##### Material provided #####

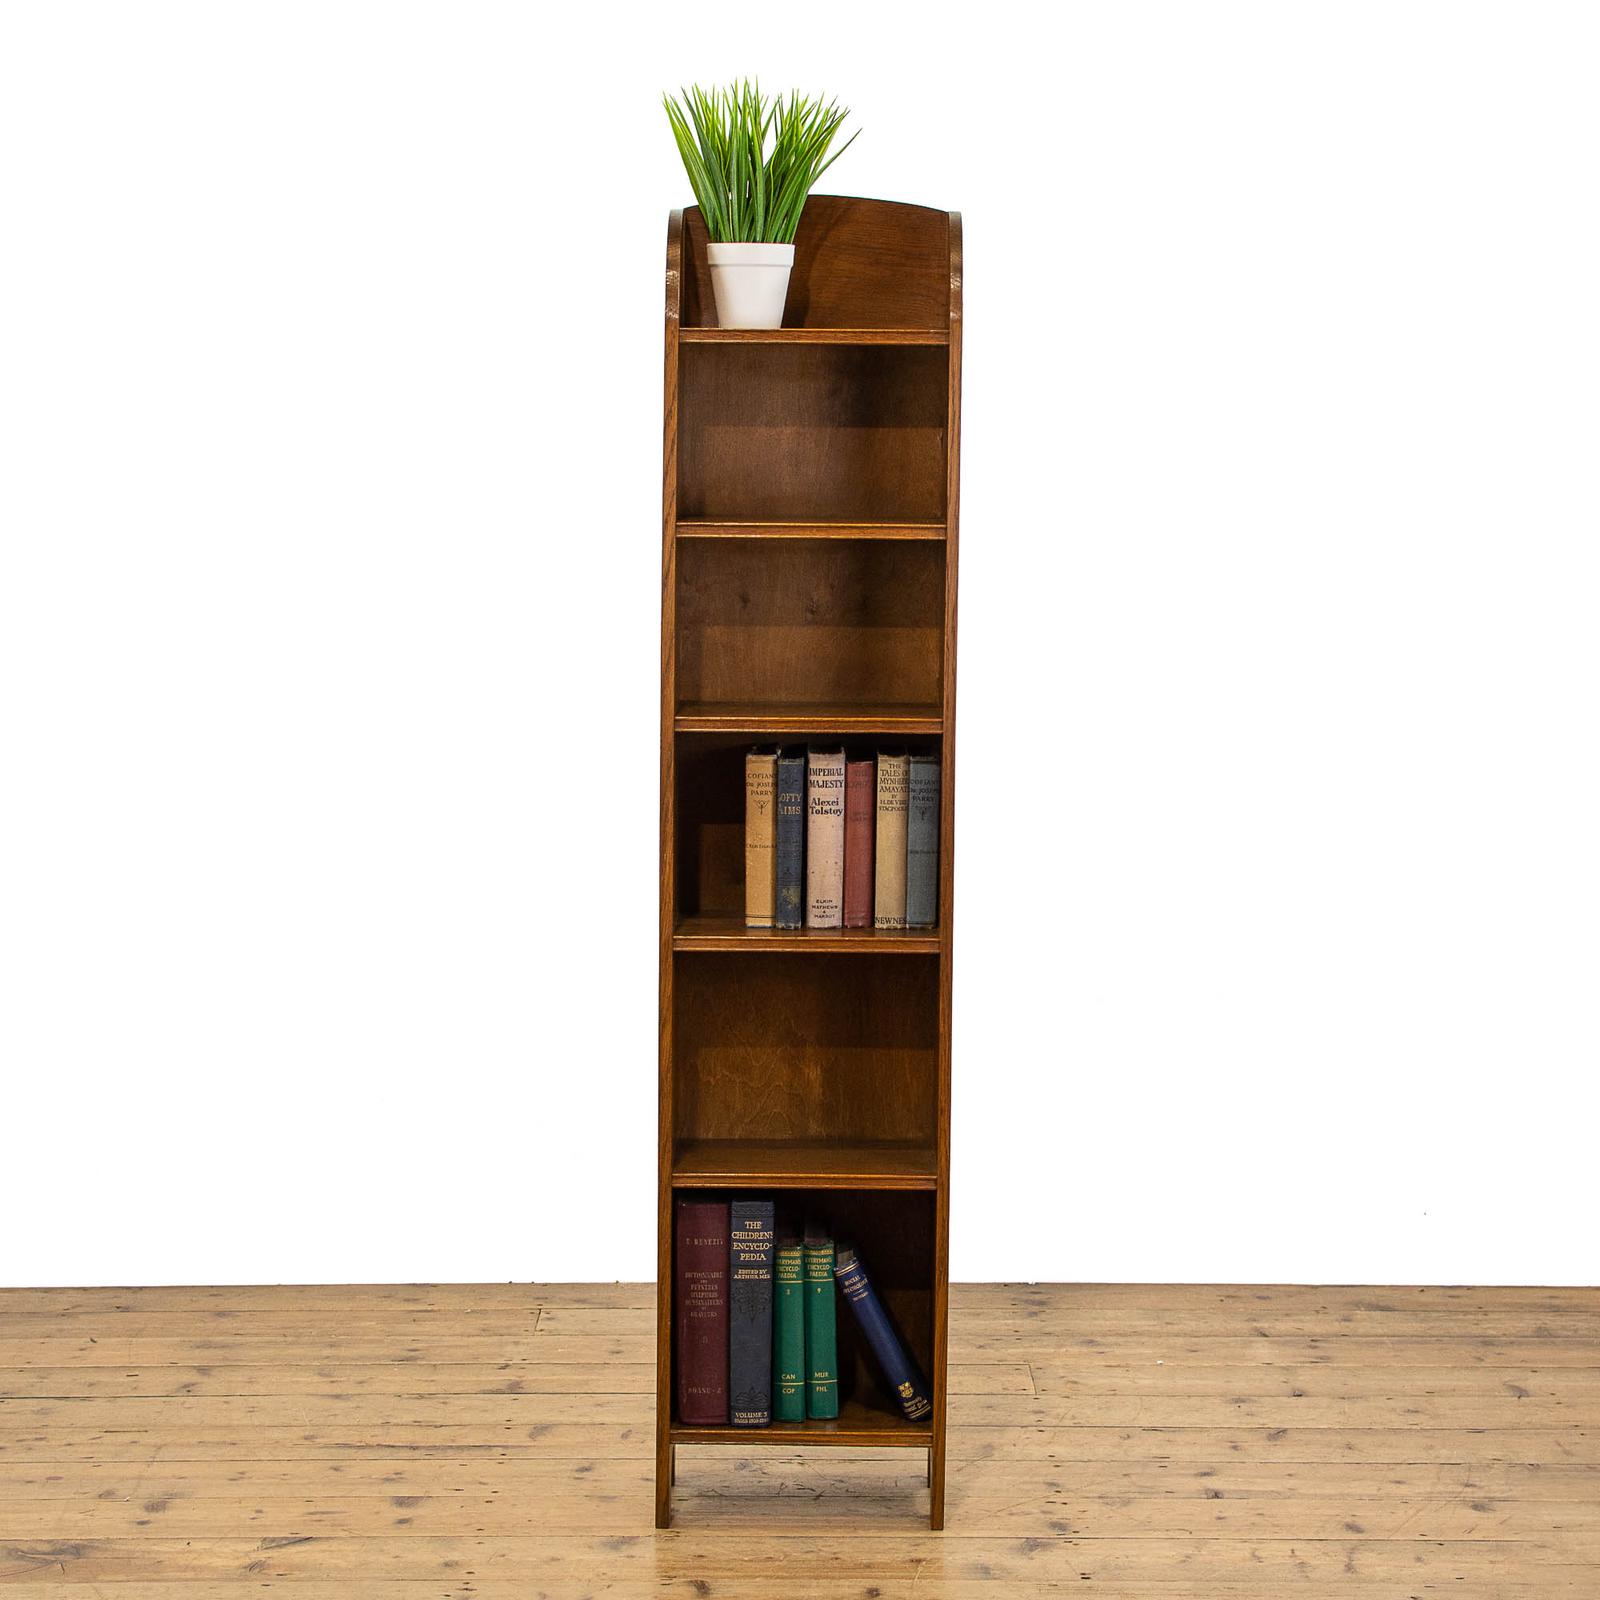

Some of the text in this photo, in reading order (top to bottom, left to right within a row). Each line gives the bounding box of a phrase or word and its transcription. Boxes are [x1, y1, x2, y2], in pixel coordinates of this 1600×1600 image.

[809, 767, 843, 777] IMPERIAL
[880, 769, 900, 777] TALES
[809, 780, 844, 789] MAJESTY
[779, 793, 802, 802] OFTY
[811, 798, 839, 806] Alexei
[809, 807, 843, 816] Tolstoy
[744, 1221, 762, 1229] THE
[733, 1243, 773, 1251] ENCYCLO-
[740, 1253, 767, 1261] PEDIA
[735, 1411, 762, 1419] VOLUME
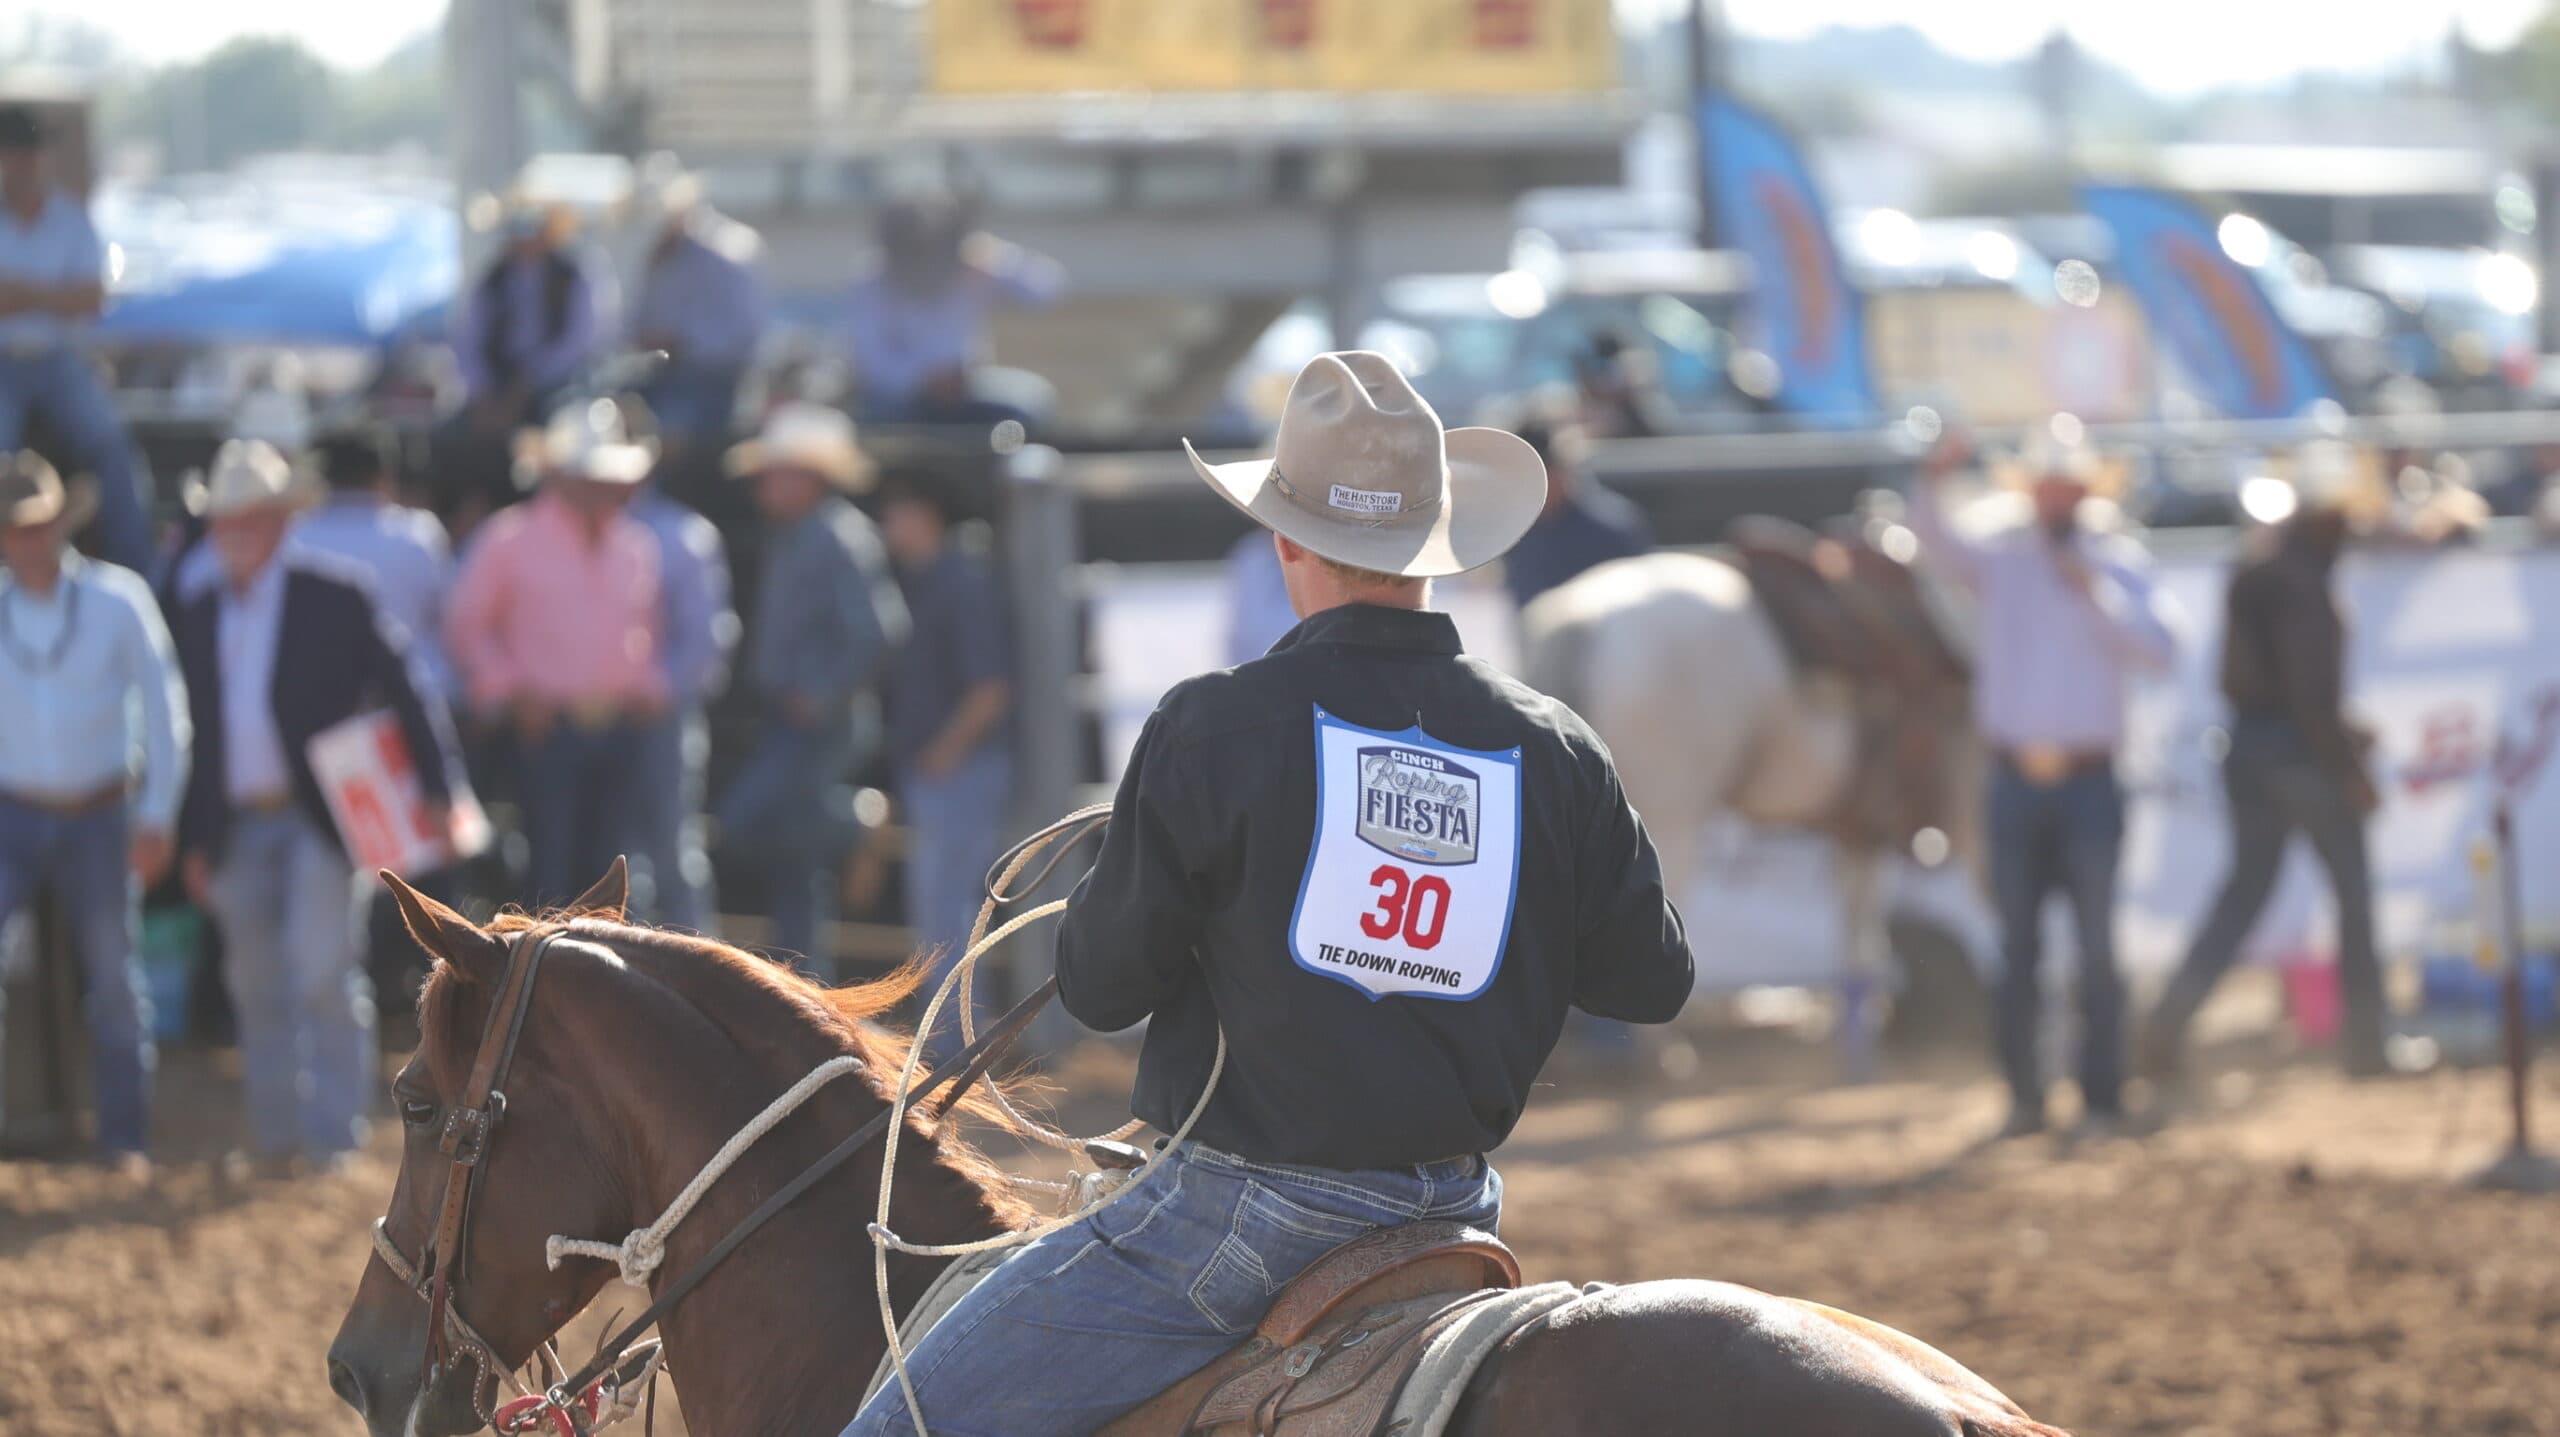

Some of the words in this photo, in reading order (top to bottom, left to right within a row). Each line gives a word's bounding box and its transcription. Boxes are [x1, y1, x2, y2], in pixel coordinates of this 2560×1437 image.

[1333, 486, 1351, 501] THE
[1351, 492, 1369, 503] HAT
[1369, 494, 1399, 505] STORE
[1373, 504, 1393, 512] TEXAS
[1364, 755, 1471, 806] Roping
[1390, 750, 1445, 771] CINCH
[1366, 787, 1472, 846] FIESTA
[1360, 864, 1451, 950] 30
[1318, 943, 1345, 963] TIE
[1344, 949, 1397, 974] DOWN
[1397, 960, 1462, 989] ROPING

#####

## Task
Beginning with the line that has "Some of the words", set down every line of the entries above through the final one, unchanged.

## Response to this task
Some of the words in this photo, in reading order (top to bottom, left to right within a row). Each line gives a word's bounding box and its transcription. Boxes are [x1, y1, x2, y2], in pixel coordinates of this 2560×1437 image.

[1333, 486, 1351, 501] THE
[1351, 492, 1369, 503] HAT
[1369, 494, 1399, 505] STORE
[1373, 504, 1393, 512] TEXAS
[1364, 755, 1471, 806] Roping
[1390, 750, 1445, 771] CINCH
[1366, 787, 1472, 846] FIESTA
[1360, 864, 1451, 950] 30
[1318, 943, 1345, 963] TIE
[1344, 949, 1397, 974] DOWN
[1397, 960, 1462, 989] ROPING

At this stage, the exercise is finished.